Retype all of the material exactly, leaving no line out.
━━━━━ Data to use
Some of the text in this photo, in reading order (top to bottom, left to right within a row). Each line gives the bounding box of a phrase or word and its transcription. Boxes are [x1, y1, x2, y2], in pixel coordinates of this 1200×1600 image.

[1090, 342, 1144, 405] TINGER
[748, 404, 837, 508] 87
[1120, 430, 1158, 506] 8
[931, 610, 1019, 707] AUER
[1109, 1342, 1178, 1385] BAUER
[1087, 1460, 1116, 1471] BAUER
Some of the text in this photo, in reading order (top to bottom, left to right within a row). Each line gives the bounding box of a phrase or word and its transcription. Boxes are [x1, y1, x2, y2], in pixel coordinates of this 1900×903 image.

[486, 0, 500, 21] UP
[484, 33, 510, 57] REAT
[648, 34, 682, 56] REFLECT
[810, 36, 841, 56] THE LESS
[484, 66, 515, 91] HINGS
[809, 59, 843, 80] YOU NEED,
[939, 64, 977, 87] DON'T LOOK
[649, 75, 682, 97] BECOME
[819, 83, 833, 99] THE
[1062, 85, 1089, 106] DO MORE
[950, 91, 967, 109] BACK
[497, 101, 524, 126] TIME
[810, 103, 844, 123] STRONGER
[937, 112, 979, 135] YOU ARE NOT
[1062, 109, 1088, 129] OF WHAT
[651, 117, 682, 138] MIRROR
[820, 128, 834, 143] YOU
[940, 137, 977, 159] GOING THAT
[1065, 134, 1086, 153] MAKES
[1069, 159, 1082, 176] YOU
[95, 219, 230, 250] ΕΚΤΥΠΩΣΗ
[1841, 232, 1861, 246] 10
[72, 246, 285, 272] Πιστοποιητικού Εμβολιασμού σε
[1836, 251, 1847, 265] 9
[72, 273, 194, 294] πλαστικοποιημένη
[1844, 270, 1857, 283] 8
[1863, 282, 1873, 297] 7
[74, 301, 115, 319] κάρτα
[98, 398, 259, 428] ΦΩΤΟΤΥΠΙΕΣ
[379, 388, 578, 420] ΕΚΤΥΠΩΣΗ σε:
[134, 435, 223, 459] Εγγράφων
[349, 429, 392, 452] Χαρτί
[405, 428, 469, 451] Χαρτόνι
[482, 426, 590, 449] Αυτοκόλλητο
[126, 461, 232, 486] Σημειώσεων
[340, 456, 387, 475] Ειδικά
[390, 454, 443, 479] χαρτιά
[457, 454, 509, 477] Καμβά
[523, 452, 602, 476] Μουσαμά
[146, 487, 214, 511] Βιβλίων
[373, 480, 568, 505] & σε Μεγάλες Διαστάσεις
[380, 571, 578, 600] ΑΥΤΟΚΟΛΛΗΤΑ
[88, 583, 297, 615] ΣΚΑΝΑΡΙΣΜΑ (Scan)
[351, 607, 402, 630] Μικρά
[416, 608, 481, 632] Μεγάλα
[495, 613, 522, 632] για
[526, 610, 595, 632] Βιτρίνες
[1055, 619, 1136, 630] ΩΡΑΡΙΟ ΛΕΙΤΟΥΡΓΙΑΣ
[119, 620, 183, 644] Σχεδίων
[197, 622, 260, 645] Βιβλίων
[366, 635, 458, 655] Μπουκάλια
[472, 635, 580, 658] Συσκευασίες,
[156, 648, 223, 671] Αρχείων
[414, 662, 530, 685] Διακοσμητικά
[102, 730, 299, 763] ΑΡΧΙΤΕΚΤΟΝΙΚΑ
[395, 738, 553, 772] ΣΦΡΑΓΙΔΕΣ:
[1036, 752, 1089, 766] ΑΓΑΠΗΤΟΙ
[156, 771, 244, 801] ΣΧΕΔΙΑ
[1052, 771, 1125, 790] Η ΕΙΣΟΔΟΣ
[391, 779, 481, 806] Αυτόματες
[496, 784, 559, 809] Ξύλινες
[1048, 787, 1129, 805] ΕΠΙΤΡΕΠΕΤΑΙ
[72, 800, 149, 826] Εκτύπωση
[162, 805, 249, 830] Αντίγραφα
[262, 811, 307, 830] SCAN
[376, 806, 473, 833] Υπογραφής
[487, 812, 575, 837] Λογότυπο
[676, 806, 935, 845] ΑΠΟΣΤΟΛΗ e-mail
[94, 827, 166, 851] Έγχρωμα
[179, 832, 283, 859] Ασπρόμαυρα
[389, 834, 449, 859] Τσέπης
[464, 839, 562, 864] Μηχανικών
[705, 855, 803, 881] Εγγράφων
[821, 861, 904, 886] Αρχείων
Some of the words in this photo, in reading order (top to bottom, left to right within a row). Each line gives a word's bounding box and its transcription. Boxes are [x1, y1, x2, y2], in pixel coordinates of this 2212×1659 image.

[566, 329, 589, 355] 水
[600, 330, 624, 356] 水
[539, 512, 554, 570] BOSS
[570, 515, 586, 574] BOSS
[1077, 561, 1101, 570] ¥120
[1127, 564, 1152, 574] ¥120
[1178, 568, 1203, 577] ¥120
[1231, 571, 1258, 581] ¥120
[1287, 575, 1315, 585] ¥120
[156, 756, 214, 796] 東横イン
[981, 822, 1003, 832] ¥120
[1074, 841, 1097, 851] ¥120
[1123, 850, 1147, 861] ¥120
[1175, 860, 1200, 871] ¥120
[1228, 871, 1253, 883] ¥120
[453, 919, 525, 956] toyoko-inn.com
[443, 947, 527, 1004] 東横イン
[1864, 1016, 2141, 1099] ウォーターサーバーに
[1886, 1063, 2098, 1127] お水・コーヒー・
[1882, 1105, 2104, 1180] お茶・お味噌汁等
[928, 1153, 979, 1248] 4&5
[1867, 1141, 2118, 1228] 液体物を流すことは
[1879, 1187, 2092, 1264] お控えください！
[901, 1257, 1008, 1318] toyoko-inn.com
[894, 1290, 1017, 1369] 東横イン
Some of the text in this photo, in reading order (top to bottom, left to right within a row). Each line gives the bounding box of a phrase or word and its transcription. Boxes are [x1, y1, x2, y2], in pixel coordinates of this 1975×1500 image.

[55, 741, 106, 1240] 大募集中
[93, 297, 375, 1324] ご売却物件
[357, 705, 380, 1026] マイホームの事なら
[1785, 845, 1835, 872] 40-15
━━━━━━━━━━
Response:
Some of the text in this photo, in reading order (top to bottom, left to right within a row). Each line gives the bounding box of a phrase or word and its transcription. Boxes are [x1, y1, x2, y2], in pixel coordinates of this 1200×1600 image.

[1090, 342, 1144, 405] TINGER
[748, 404, 837, 508] 87
[1120, 430, 1158, 506] 8
[931, 610, 1019, 707] AUER
[1109, 1342, 1178, 1385] BAUER
[1087, 1460, 1116, 1471] BAUER
Some of the text in this photo, in reading order (top to bottom, left to right within a row). Each line gives the bounding box of a phrase or word and its transcription. Boxes are [x1, y1, x2, y2], in pixel coordinates of this 1900×903 image.

[486, 0, 500, 21] UP
[484, 33, 510, 57] REAT
[648, 34, 682, 56] REFLECT
[810, 36, 841, 56] THE LESS
[484, 66, 515, 91] HINGS
[809, 59, 843, 80] YOU NEED,
[939, 64, 977, 87] DON'T LOOK
[649, 75, 682, 97] BECOME
[819, 83, 833, 99] THE
[1062, 85, 1089, 106] DO MORE
[950, 91, 967, 109] BACK
[497, 101, 524, 126] TIME
[810, 103, 844, 123] STRONGER
[937, 112, 979, 135] YOU ARE NOT
[1062, 109, 1088, 129] OF WHAT
[651, 117, 682, 138] MIRROR
[820, 128, 834, 143] YOU
[940, 137, 977, 159] GOING THAT
[1065, 134, 1086, 153] MAKES
[1069, 159, 1082, 176] YOU
[95, 219, 230, 250] ΕΚΤΥΠΩΣΗ
[1841, 232, 1861, 246] 10
[72, 246, 285, 272] Πιστοποιητικού Εμβολιασμού σε
[1836, 251, 1847, 265] 9
[72, 273, 194, 294] πλαστικοποιημένη
[1844, 270, 1857, 283] 8
[1863, 282, 1873, 297] 7
[74, 301, 115, 319] κάρτα
[98, 398, 259, 428] ΦΩΤΟΤΥΠΙΕΣ
[379, 388, 578, 420] ΕΚΤΥΠΩΣΗ σε:
[134, 435, 223, 459] Εγγράφων
[349, 429, 392, 452] Χαρτί
[405, 428, 469, 451] Χαρτόνι
[482, 426, 590, 449] Αυτοκόλλητο
[126, 461, 232, 486] Σημειώσεων
[340, 456, 387, 475] Ειδικά
[390, 454, 443, 479] χαρτιά
[457, 454, 509, 477] Καμβά
[523, 452, 602, 476] Μουσαμά
[146, 487, 214, 511] Βιβλίων
[373, 480, 568, 505] & σε Μεγάλες Διαστάσεις
[380, 571, 578, 600] ΑΥΤΟΚΟΛΛΗΤΑ
[88, 583, 297, 615] ΣΚΑΝΑΡΙΣΜΑ (Scan)
[351, 607, 402, 630] Μικρά
[416, 608, 481, 632] Μεγάλα
[495, 613, 522, 632] για
[526, 610, 595, 632] Βιτρίνες
[1055, 619, 1136, 630] ΩΡΑΡΙΟ ΛΕΙΤΟΥΡΓΙΑΣ
[119, 620, 183, 644] Σχεδίων
[197, 622, 260, 645] Βιβλίων
[366, 635, 458, 655] Μπουκάλια
[472, 635, 580, 658] Συσκευασίες,
[156, 648, 223, 671] Αρχείων
[414, 662, 530, 685] Διακοσμητικά
[102, 730, 299, 763] ΑΡΧΙΤΕΚΤΟΝΙΚΑ
[395, 738, 553, 772] ΣΦΡΑΓΙΔΕΣ:
[1036, 752, 1089, 766] ΑΓΑΠΗΤΟΙ
[156, 771, 244, 801] ΣΧΕΔΙΑ
[1052, 771, 1125, 790] Η ΕΙΣΟΔΟΣ
[391, 779, 481, 806] Αυτόματες
[496, 784, 559, 809] Ξύλινες
[1048, 787, 1129, 805] ΕΠΙΤΡΕΠΕΤΑΙ
[72, 800, 149, 826] Εκτύπωση
[162, 805, 249, 830] Αντίγραφα
[262, 811, 307, 830] SCAN
[376, 806, 473, 833] Υπογραφής
[487, 812, 575, 837] Λογότυπο
[676, 806, 935, 845] ΑΠΟΣΤΟΛΗ e-mail
[94, 827, 166, 851] Έγχρωμα
[179, 832, 283, 859] Ασπρόμαυρα
[389, 834, 449, 859] Τσέπης
[464, 839, 562, 864] Μηχανικών
[705, 855, 803, 881] Εγγράφων
[821, 861, 904, 886] Αρχείων
Some of the words in this photo, in reading order (top to bottom, left to right within a row). Each line gives a word's bounding box and its transcription. Boxes are [x1, y1, x2, y2], in pixel coordinates of this 2212×1659 image.

[566, 329, 589, 355] 水
[600, 330, 624, 356] 水
[539, 512, 554, 570] BOSS
[570, 515, 586, 574] BOSS
[1077, 561, 1101, 570] ¥120
[1127, 564, 1152, 574] ¥120
[1178, 568, 1203, 577] ¥120
[1231, 571, 1258, 581] ¥120
[1287, 575, 1315, 585] ¥120
[156, 756, 214, 796] 東横イン
[981, 822, 1003, 832] ¥120
[1074, 841, 1097, 851] ¥120
[1123, 850, 1147, 861] ¥120
[1175, 860, 1200, 871] ¥120
[1228, 871, 1253, 883] ¥120
[453, 919, 525, 956] toyoko-inn.com
[443, 947, 527, 1004] 東横イン
[1864, 1016, 2141, 1099] ウォーターサーバーに
[1886, 1063, 2098, 1127] お水・コーヒー・
[1882, 1105, 2104, 1180] お茶・お味噌汁等
[928, 1153, 979, 1248] 4&5
[1867, 1141, 2118, 1228] 液体物を流すことは
[1879, 1187, 2092, 1264] お控えください！
[901, 1257, 1008, 1318] toyoko-inn.com
[894, 1290, 1017, 1369] 東横イン
Some of the text in this photo, in reading order (top to bottom, left to right within a row). Each line gives the bounding box of a phrase or word and its transcription. Boxes are [x1, y1, x2, y2], in pixel coordinates of this 1975×1500 image.

[55, 741, 106, 1240] 大募集中
[93, 297, 375, 1324] ご売却物件
[357, 705, 380, 1026] マイホームの事なら
[1785, 845, 1835, 872] 40-15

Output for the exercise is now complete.